Le 20 mai, le gouvernement du Myanmar, le Conseil national pour la paix et le développement (SPDC), a annoncé la fin de la phase de secours et d’aide d’urgence après la catastrophe et le début de la phase de reconstruction. Depuis, le SPDC a lancé une campagne visant à forcer les survivants du cyclone ayant perdu leur maison à quitter les camps mis en place par le gouvernement ou qui se sont constitués de façon spontanée.

Les autorités ont centré leurs efforts sur les écoles et les monastères, transformés en bureaux de vote pour le référendum différé du mois de mai sur la Constitution, et à nouveau en service à partir du 2 juin pour la reprise des cours.

La plupart des survivants déplacés ne peuvent retourner là où ils habitaient auparavant, de nombreuses zones du delta de l’Irrawaddy ravagées par le cyclone étant toujours inhabitables.

« Après avoir survécu à la furie des éléments, des milliers de survivants du cyclone souffrent maintenant des mesures prises par le SPDC », a déclaré Benjamin Zawacki, chargé de recherches sur le Myanmar auprès d’Amnesty International.

S’appuyant sur de nombreuses sources, notamment des récits de témoins oculaires et des entretiens avec des personnes disposant d’informations de première main sur les régions frappées par le cyclone, Amnesty International souligne en conclusion le besoin urgent pour le SPDC et pour les donateurs internationaux d’adopter des normes en matière de droits humains pour servir de garde-fous après la catastrophe.

Amnesty International est également préoccupée par la distribution de l’aide.

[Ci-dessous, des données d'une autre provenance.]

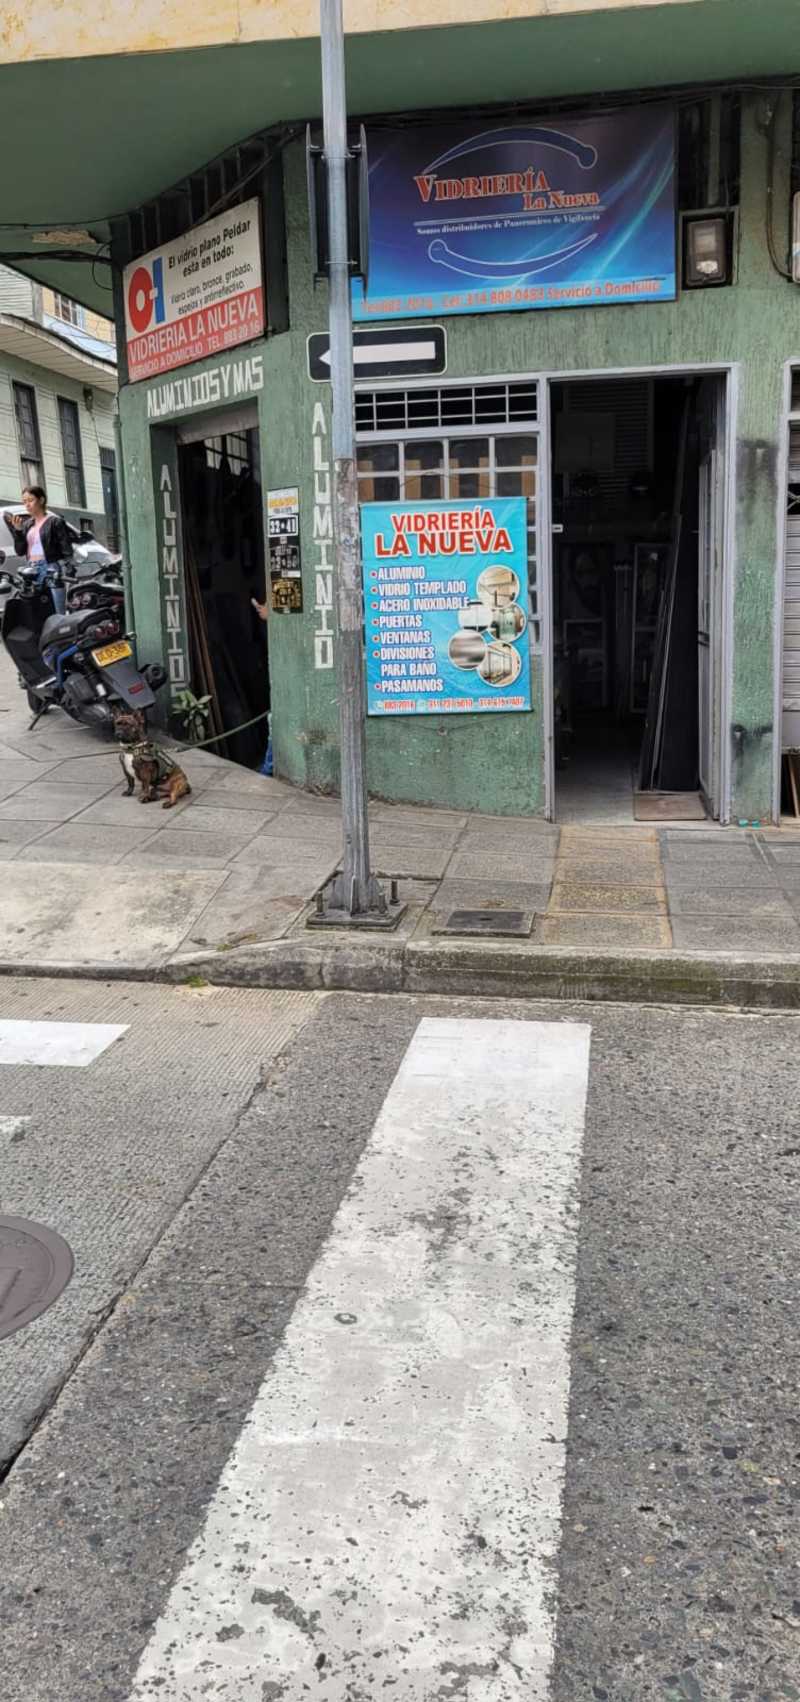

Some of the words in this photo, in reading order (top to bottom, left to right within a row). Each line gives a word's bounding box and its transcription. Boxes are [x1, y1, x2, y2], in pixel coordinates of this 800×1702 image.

Le 16 mai, l’organe de presse officiel du Myanmar, le New Light of Myanmar, s’est engagé à « mener des enquêtes sur les affaires [de détournement d’aide], à en démasquer les auteurs et à prendre des actions punitives contre eux conformément à ce que prévoit la loi. » Amnesty International salue ces mesures et appelle le SPDC à contrôler strictement la distribution de l’aide par ses fonctionnaires et à enquêter sur toute allégation de vol, abus de pouvoir et autre détournement de l’aide.

« Étant donné le lourd bilan du SPDC en matière d’abus, les agences humanitaires doivent être particulièrement attentives à toute entrave ou tout blocage de leur aide », a déclaré Benjamin Zawacki, sur place depuis le mois de mai pour rassembler des informations sur les régions affectées.

Amnesty International a confirmé l’exactitude de plus de trente cas et récits de personnes contraintes de quitter les abris d’urgence installés dans des monastères, des écoles et d’autres lieux.

Au cours des deux semaines passées, la campagne de transfert s’est faite plus systématique et s’est généralisée. Les autorités ont renvoyé de force des personnes réfugiées à Maungmya, Maubin, Pyapon et Labutta vers le sud où se trouvaient leurs villages auparavant.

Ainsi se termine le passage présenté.